▸ Task prompt
When you reach the line containing "Some of the words" in the data below, reproduce it and every line that follows, exactly and without additions.

▸ Data for analysis
──────────
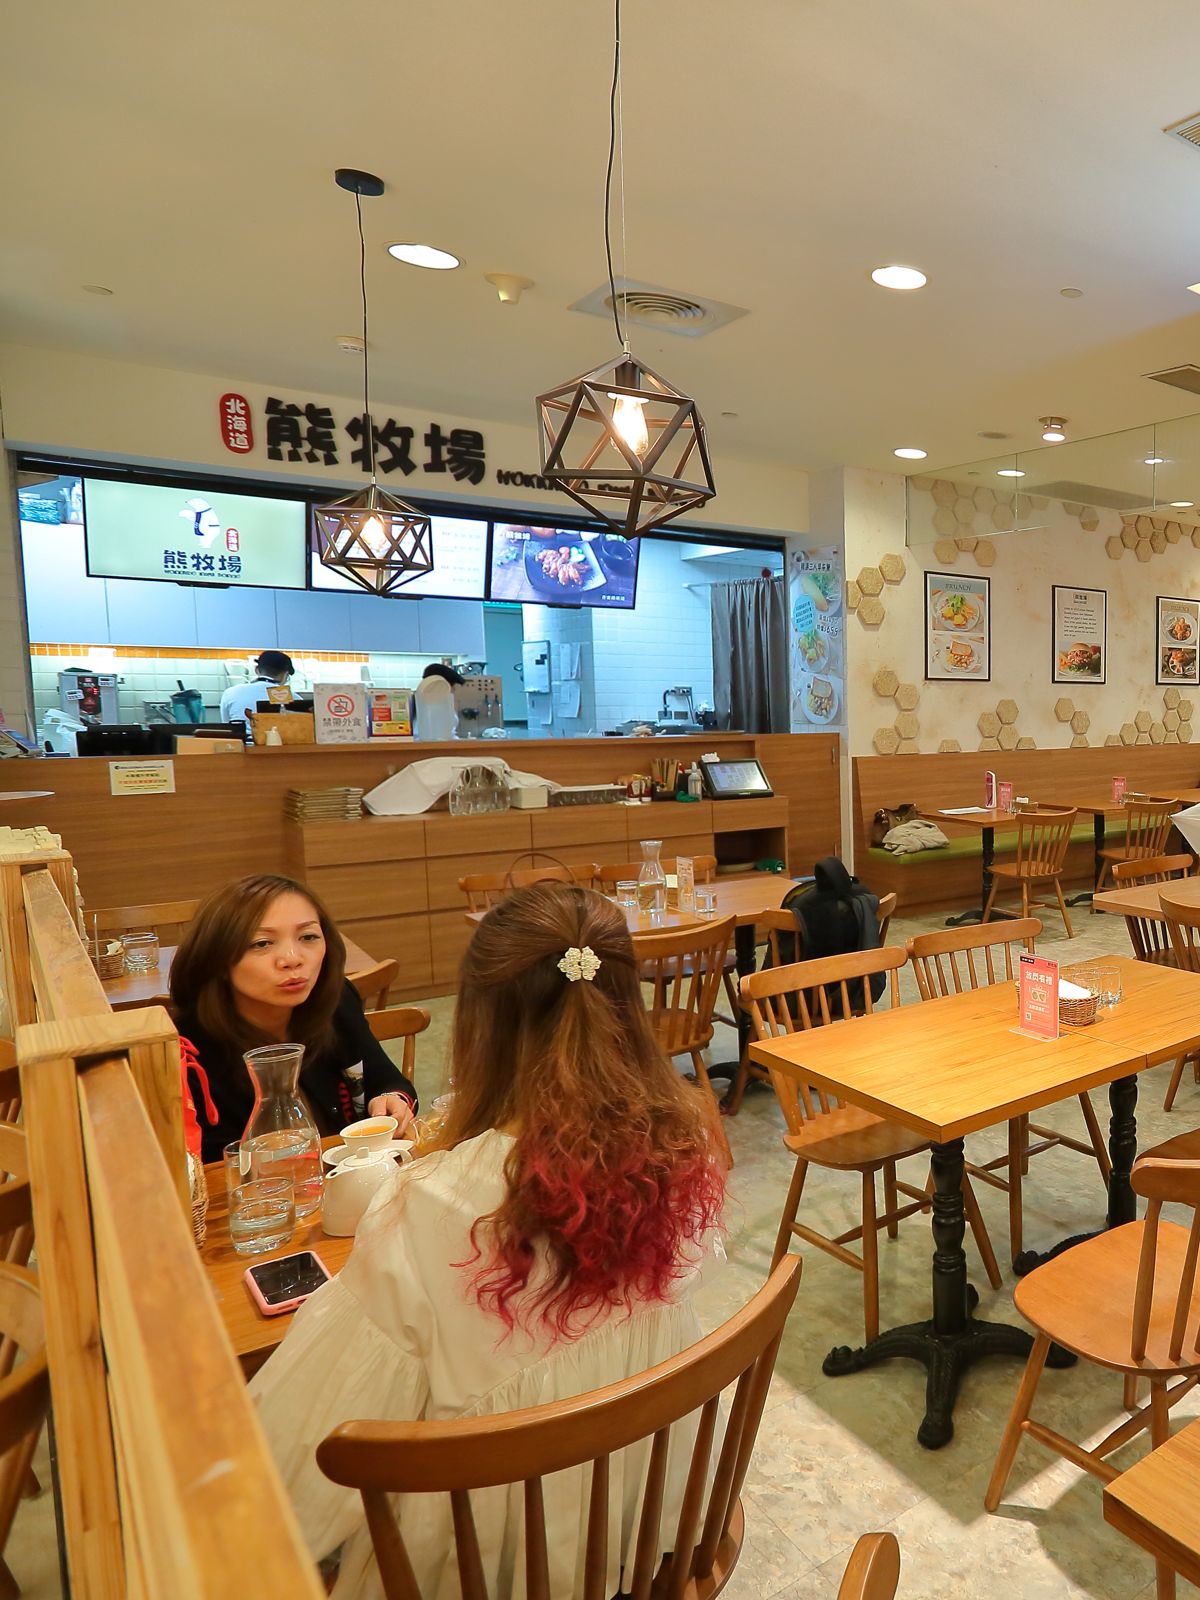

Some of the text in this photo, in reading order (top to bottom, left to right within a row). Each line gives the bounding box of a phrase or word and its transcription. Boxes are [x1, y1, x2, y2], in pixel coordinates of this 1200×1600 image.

[224, 398, 249, 449] 北海道
[264, 396, 486, 486] 熊牧場
[163, 550, 242, 573] 熊牧場
[322, 717, 362, 728] 禁帶外食
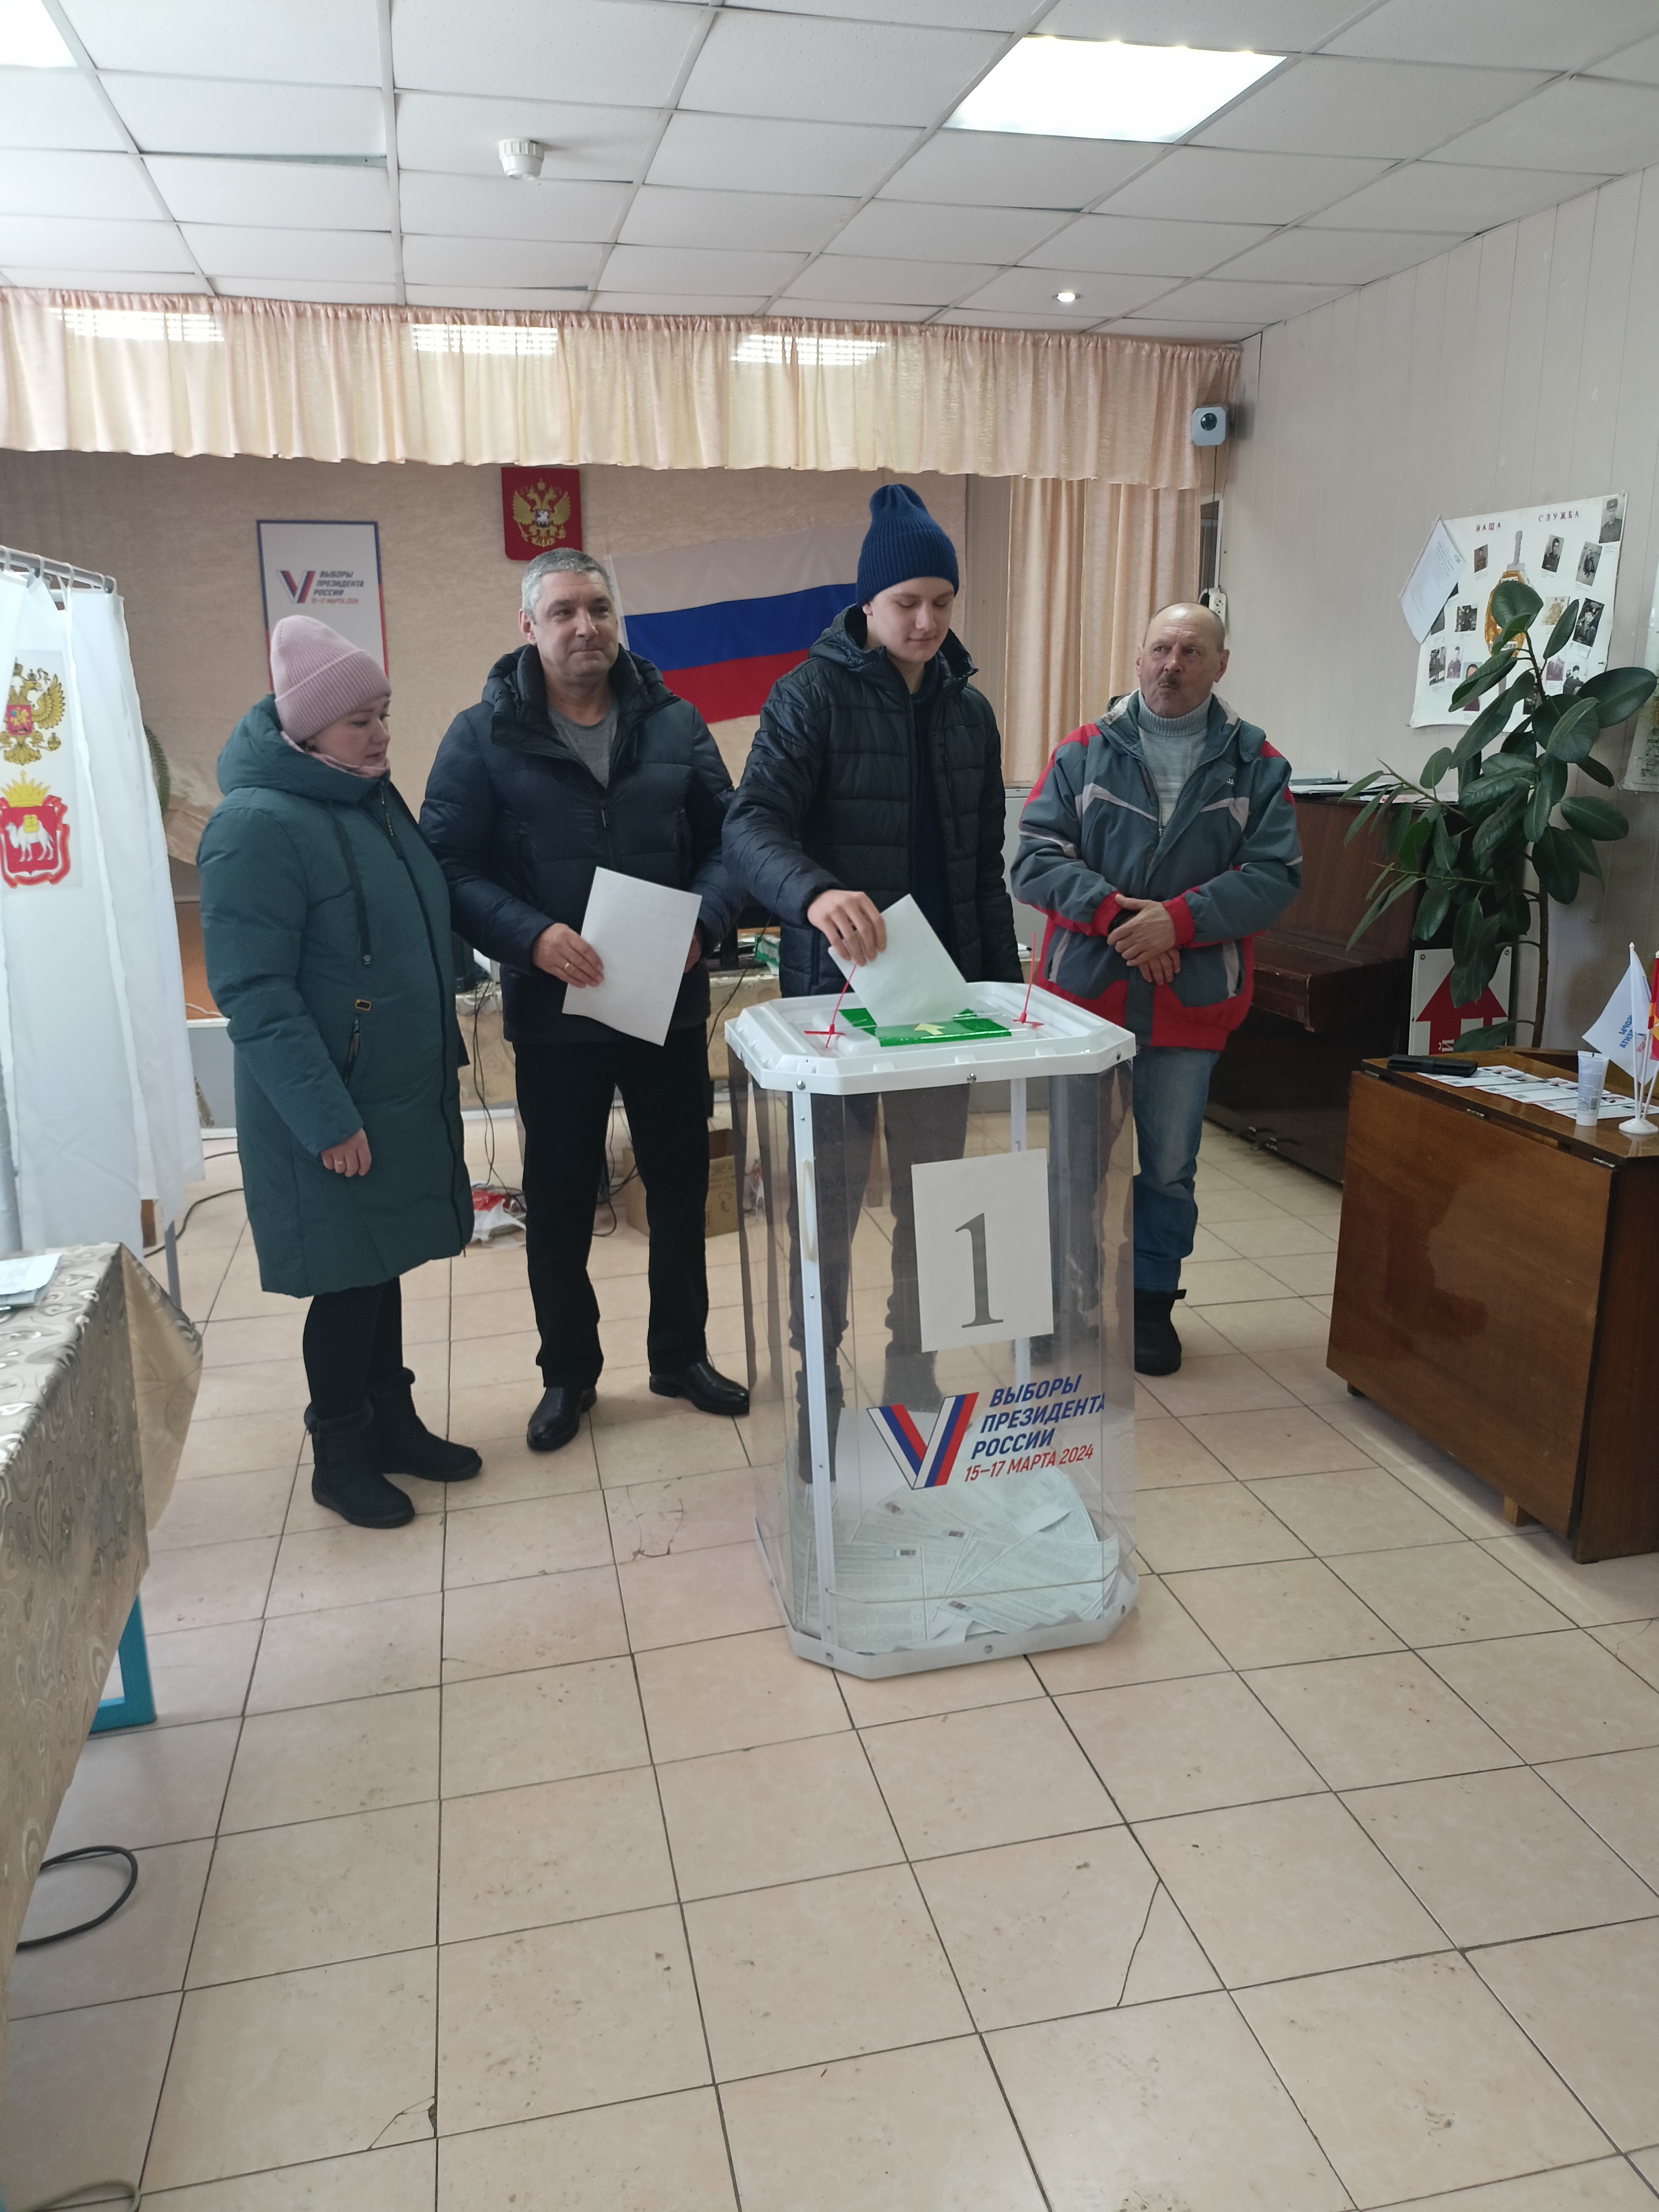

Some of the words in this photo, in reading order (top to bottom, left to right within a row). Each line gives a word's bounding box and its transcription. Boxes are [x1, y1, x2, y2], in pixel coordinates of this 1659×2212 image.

[1476, 522, 1501, 532] НАША
[1538, 510, 1579, 522] СЛУЖБА
[316, 579, 364, 587] ПРЕЗИДЕНТА
[955, 1213, 1004, 1328] 1
[989, 1374, 1082, 1408] ВЫБОРЫ
[980, 1393, 1105, 1434] ПРЕЗИДЕНТА
[971, 1428, 1056, 1460] РОССИИ
[1007, 1451, 1057, 1475] МАРТА
[1059, 1444, 1094, 1466] 2024
──────────
▸ Answer box
Some of the words in this photo, in reading order (top to bottom, left to right within a row). Each line gives a word's bounding box and its transcription. Boxes are [x1, y1, x2, y2], in pixel coordinates of this 1659×2212 image.

[1476, 522, 1501, 532] НАША
[1538, 510, 1579, 522] СЛУЖБА
[316, 579, 364, 587] ПРЕЗИДЕНТА
[955, 1213, 1004, 1328] 1
[989, 1374, 1082, 1408] ВЫБОРЫ
[980, 1393, 1105, 1434] ПРЕЗИДЕНТА
[971, 1428, 1056, 1460] РОССИИ
[1007, 1451, 1057, 1475] МАРТА
[1059, 1444, 1094, 1466] 2024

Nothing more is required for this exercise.